The answer should hold only the lines from the one containing "Some of the text" through the one containing "this 1296×1728 image." in the entries below, copied exactly, without pictures.

Saved data entries:
((

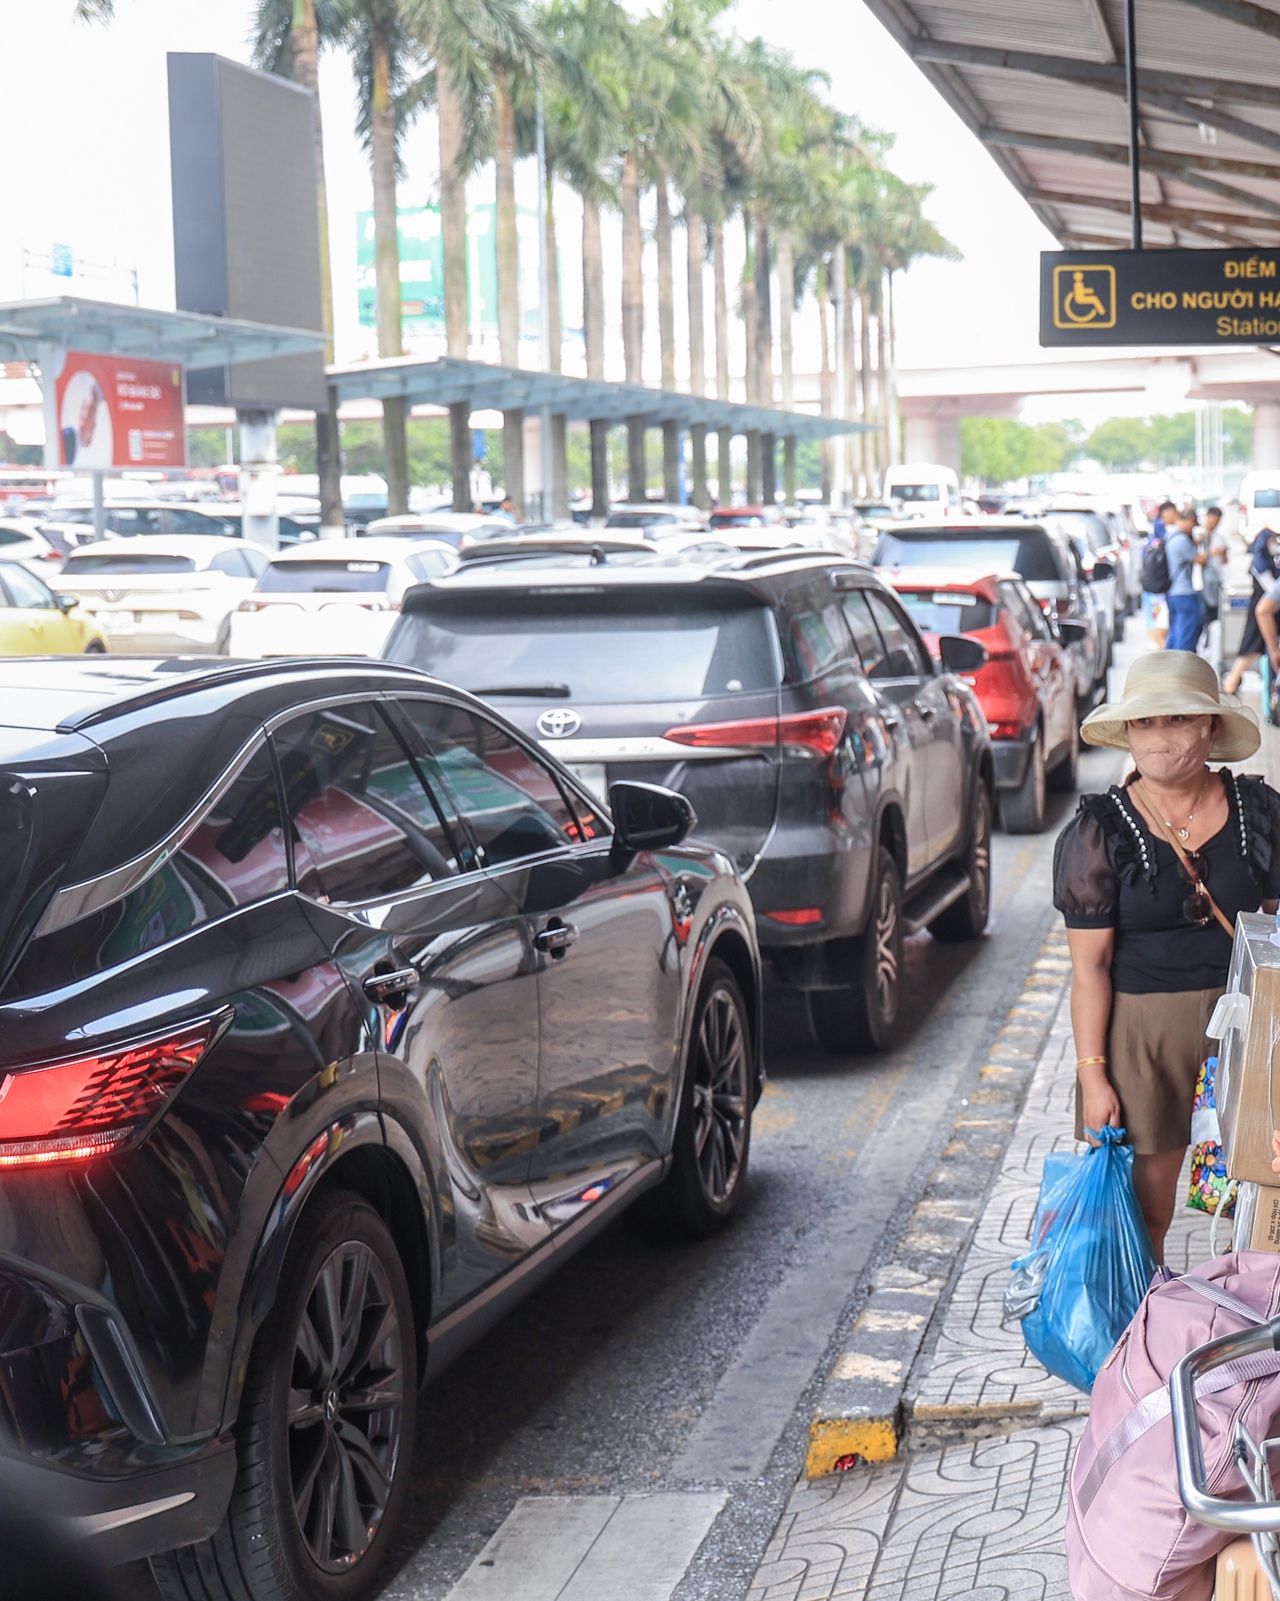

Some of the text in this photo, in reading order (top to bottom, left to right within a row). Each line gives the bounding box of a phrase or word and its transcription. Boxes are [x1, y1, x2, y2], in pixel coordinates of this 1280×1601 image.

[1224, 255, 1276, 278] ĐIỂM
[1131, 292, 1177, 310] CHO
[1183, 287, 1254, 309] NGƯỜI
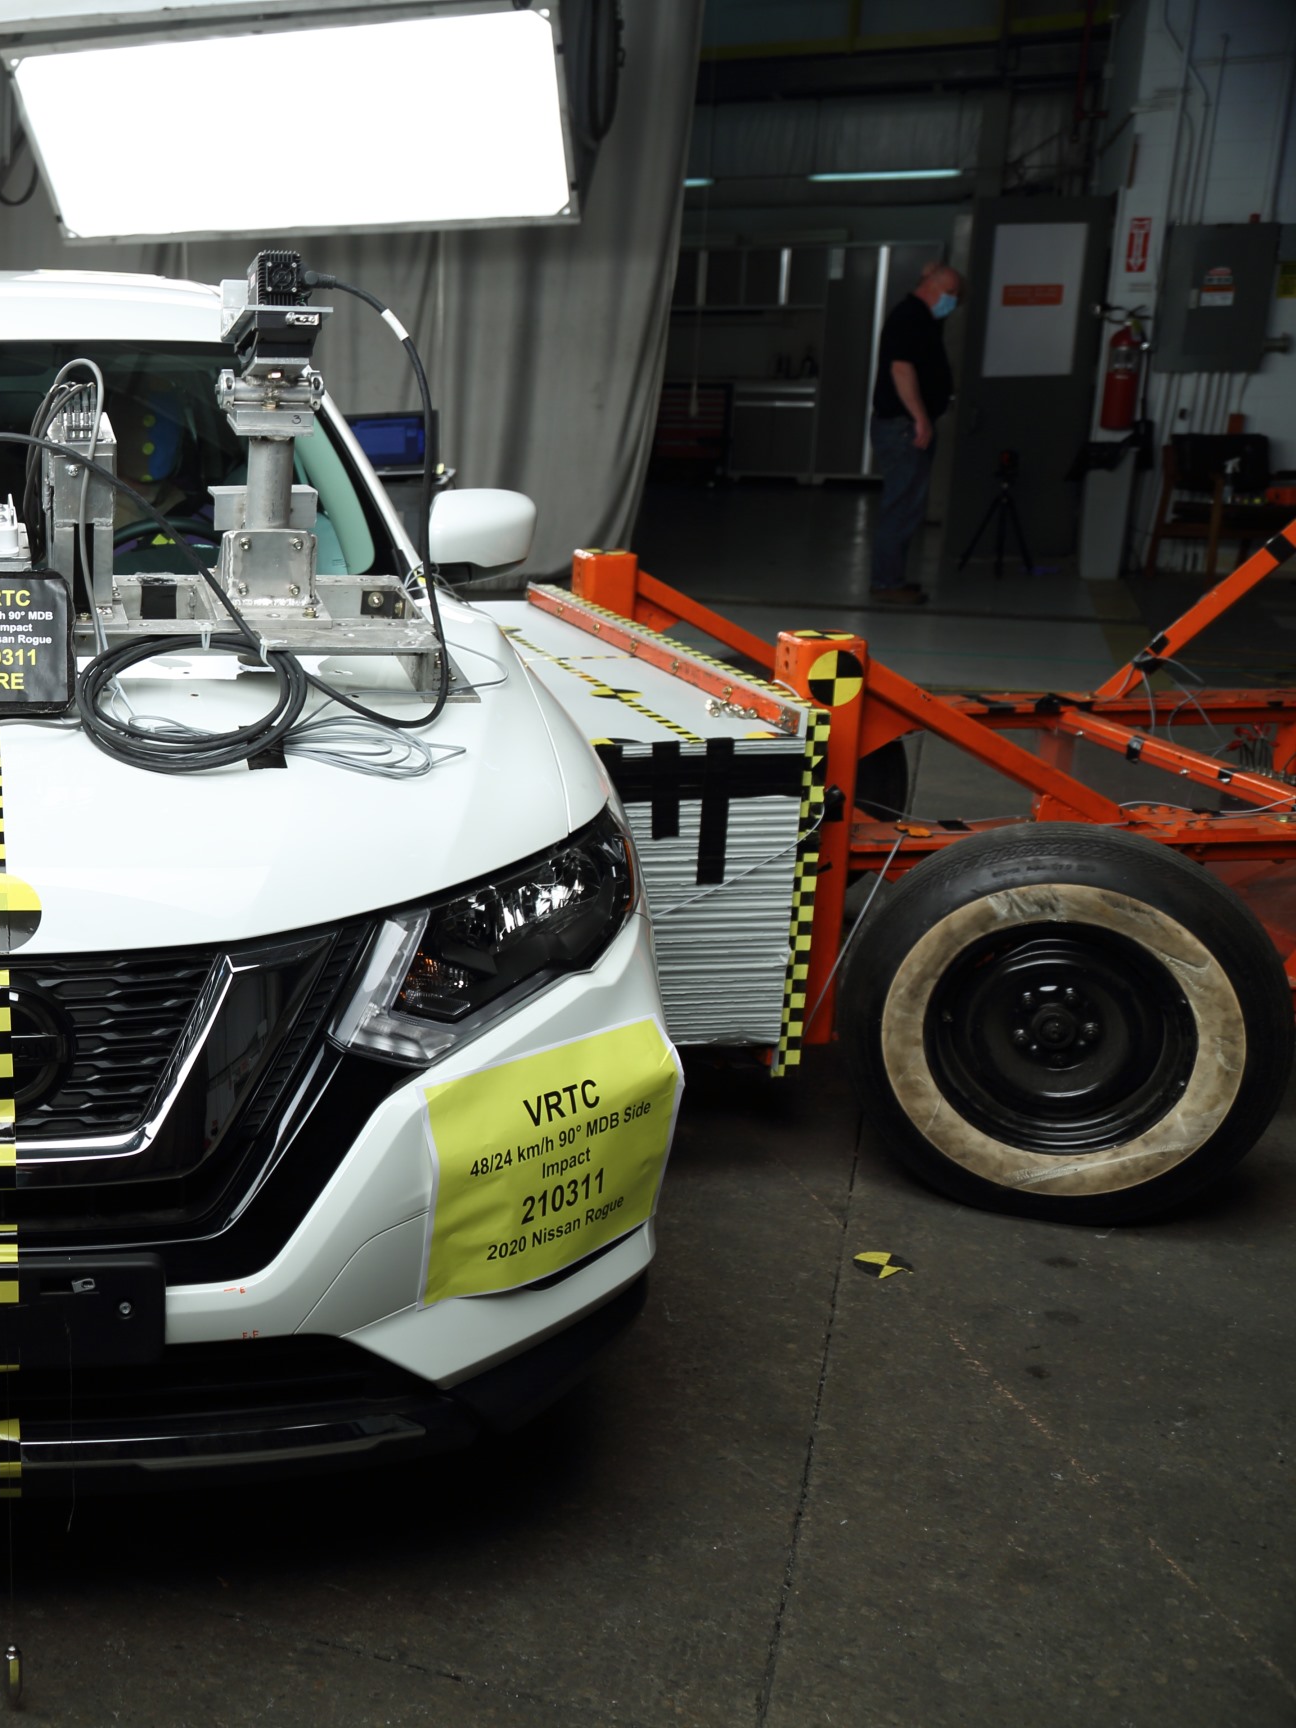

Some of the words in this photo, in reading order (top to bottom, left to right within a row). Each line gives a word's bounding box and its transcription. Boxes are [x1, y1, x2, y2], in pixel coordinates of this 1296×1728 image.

))
((

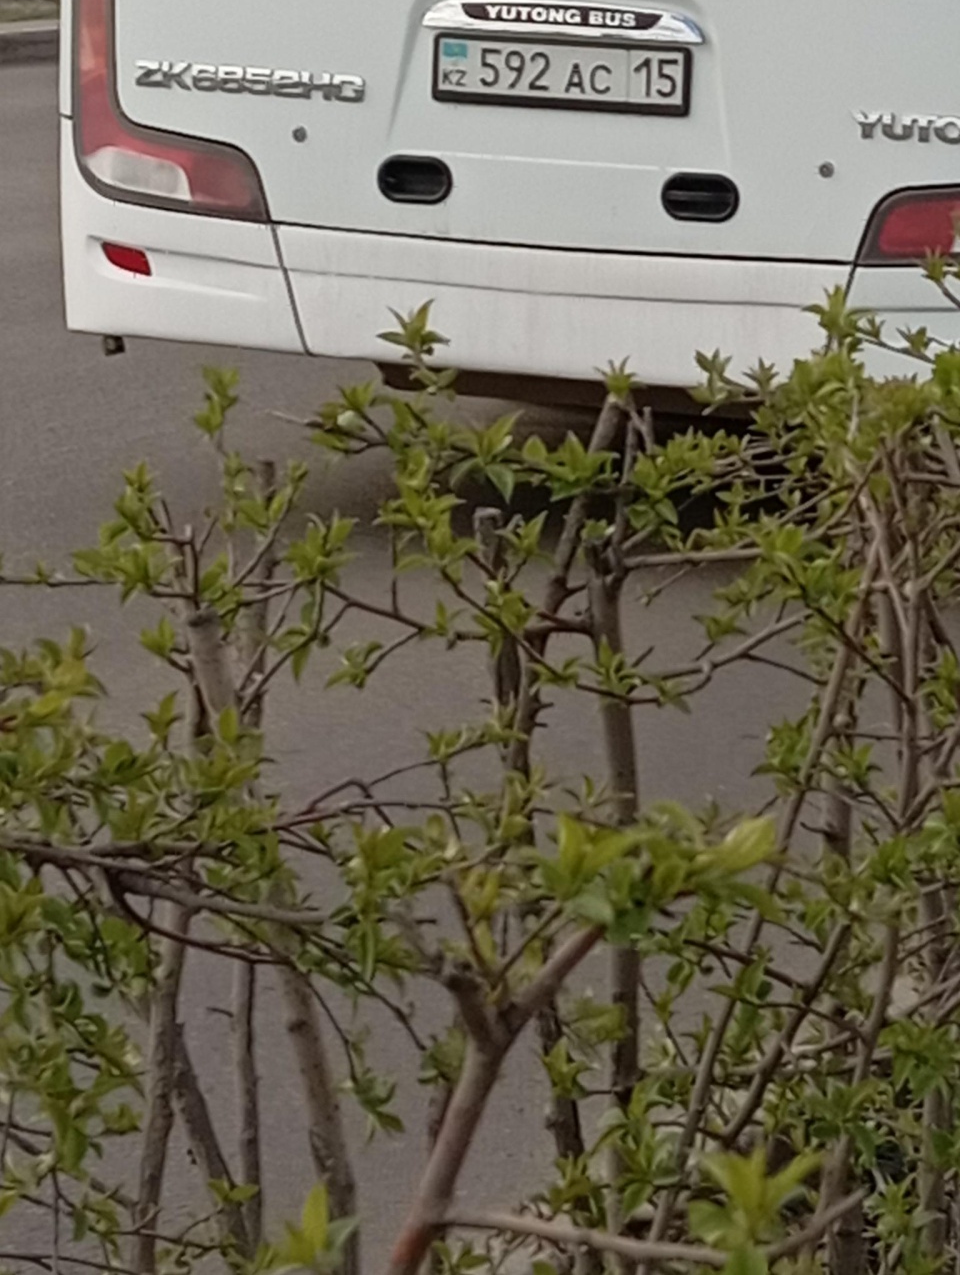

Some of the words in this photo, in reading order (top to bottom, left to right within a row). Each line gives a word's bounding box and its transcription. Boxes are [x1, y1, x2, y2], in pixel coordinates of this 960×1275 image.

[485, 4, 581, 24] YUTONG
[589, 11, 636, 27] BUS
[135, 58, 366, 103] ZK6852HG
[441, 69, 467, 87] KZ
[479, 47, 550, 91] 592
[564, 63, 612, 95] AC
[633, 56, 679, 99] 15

))

Result:
Some of the text in this photo, in reading order (top to bottom, left to right within a row). Each line gives the bounding box of a phrase or word and its transcription. Boxes are [x1, y1, x2, y2], in pixel coordinates of this 1280×1601 image.

[1224, 255, 1276, 278] ĐIỂM
[1131, 292, 1177, 310] CHO
[1183, 287, 1254, 309] NGƯỜI

Some of the words in this photo, in reading order (top to bottom, left to right within a row). Each line gives a word's bounding box and its transcription. Boxes are [x1, y1, x2, y2], in pixel coordinates of this 1296×1728 image.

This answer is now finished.